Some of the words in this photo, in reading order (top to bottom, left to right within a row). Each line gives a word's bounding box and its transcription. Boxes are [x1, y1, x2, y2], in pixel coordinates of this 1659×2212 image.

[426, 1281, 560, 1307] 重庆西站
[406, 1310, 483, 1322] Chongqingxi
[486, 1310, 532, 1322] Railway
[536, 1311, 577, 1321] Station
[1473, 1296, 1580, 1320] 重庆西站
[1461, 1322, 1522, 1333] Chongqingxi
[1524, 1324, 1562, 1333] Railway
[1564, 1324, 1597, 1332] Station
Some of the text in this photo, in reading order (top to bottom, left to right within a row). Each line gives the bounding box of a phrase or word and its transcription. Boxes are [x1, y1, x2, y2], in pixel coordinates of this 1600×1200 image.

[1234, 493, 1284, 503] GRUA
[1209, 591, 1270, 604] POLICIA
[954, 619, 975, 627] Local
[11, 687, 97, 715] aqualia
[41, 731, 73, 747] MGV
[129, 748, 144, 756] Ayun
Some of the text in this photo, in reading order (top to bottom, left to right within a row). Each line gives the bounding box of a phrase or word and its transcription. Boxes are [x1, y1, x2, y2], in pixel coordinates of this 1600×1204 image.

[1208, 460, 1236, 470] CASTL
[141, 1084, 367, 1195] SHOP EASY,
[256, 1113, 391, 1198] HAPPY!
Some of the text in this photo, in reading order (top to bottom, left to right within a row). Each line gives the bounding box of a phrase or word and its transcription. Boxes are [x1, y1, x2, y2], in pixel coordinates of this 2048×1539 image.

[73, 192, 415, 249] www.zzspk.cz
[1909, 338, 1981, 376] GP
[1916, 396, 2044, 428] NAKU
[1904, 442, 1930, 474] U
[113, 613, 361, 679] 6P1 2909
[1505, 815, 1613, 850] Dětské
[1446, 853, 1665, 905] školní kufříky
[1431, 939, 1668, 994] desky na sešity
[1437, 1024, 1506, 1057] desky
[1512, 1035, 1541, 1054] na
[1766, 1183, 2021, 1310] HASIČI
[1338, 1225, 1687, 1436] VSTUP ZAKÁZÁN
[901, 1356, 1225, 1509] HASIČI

— WORK TO BE COMPLETED —
Each line of the material should be duplicated exactly, please.

— RESPONSE TO THIS TASK —
Some of the words in this photo, in reading order (top to bottom, left to right within a row). Each line gives a word's bounding box and its transcription. Boxes are [x1, y1, x2, y2], in pixel coordinates of this 1659×2212 image.

[426, 1281, 560, 1307] 重庆西站
[406, 1310, 483, 1322] Chongqingxi
[486, 1310, 532, 1322] Railway
[536, 1311, 577, 1321] Station
[1473, 1296, 1580, 1320] 重庆西站
[1461, 1322, 1522, 1333] Chongqingxi
[1524, 1324, 1562, 1333] Railway
[1564, 1324, 1597, 1332] Station
Some of the text in this photo, in reading order (top to bottom, left to right within a row). Each line gives the bounding box of a phrase or word and its transcription. Boxes are [x1, y1, x2, y2], in pixel coordinates of this 1600×1200 image.

[1234, 493, 1284, 503] GRUA
[1209, 591, 1270, 604] POLICIA
[954, 619, 975, 627] Local
[11, 687, 97, 715] aqualia
[41, 731, 73, 747] MGV
[129, 748, 144, 756] Ayun
Some of the text in this photo, in reading order (top to bottom, left to right within a row). Each line gives the bounding box of a phrase or word and its transcription. Boxes are [x1, y1, x2, y2], in pixel coordinates of this 1600×1204 image.

[1208, 460, 1236, 470] CASTL
[141, 1084, 367, 1195] SHOP EASY,
[256, 1113, 391, 1198] HAPPY!
Some of the text in this photo, in reading order (top to bottom, left to right within a row). Each line gives the bounding box of a phrase or word and its transcription. Boxes are [x1, y1, x2, y2], in pixel coordinates of this 2048×1539 image.

[73, 192, 415, 249] www.zzspk.cz
[1909, 338, 1981, 376] GP
[1916, 396, 2044, 428] NAKU
[1904, 442, 1930, 474] U
[113, 613, 361, 679] 6P1 2909
[1505, 815, 1613, 850] Dětské
[1446, 853, 1665, 905] školní kufříky
[1431, 939, 1668, 994] desky na sešity
[1437, 1024, 1506, 1057] desky
[1512, 1035, 1541, 1054] na
[1766, 1183, 2021, 1310] HASIČI
[1338, 1225, 1687, 1436] VSTUP ZAKÁZÁN
[901, 1356, 1225, 1509] HASIČI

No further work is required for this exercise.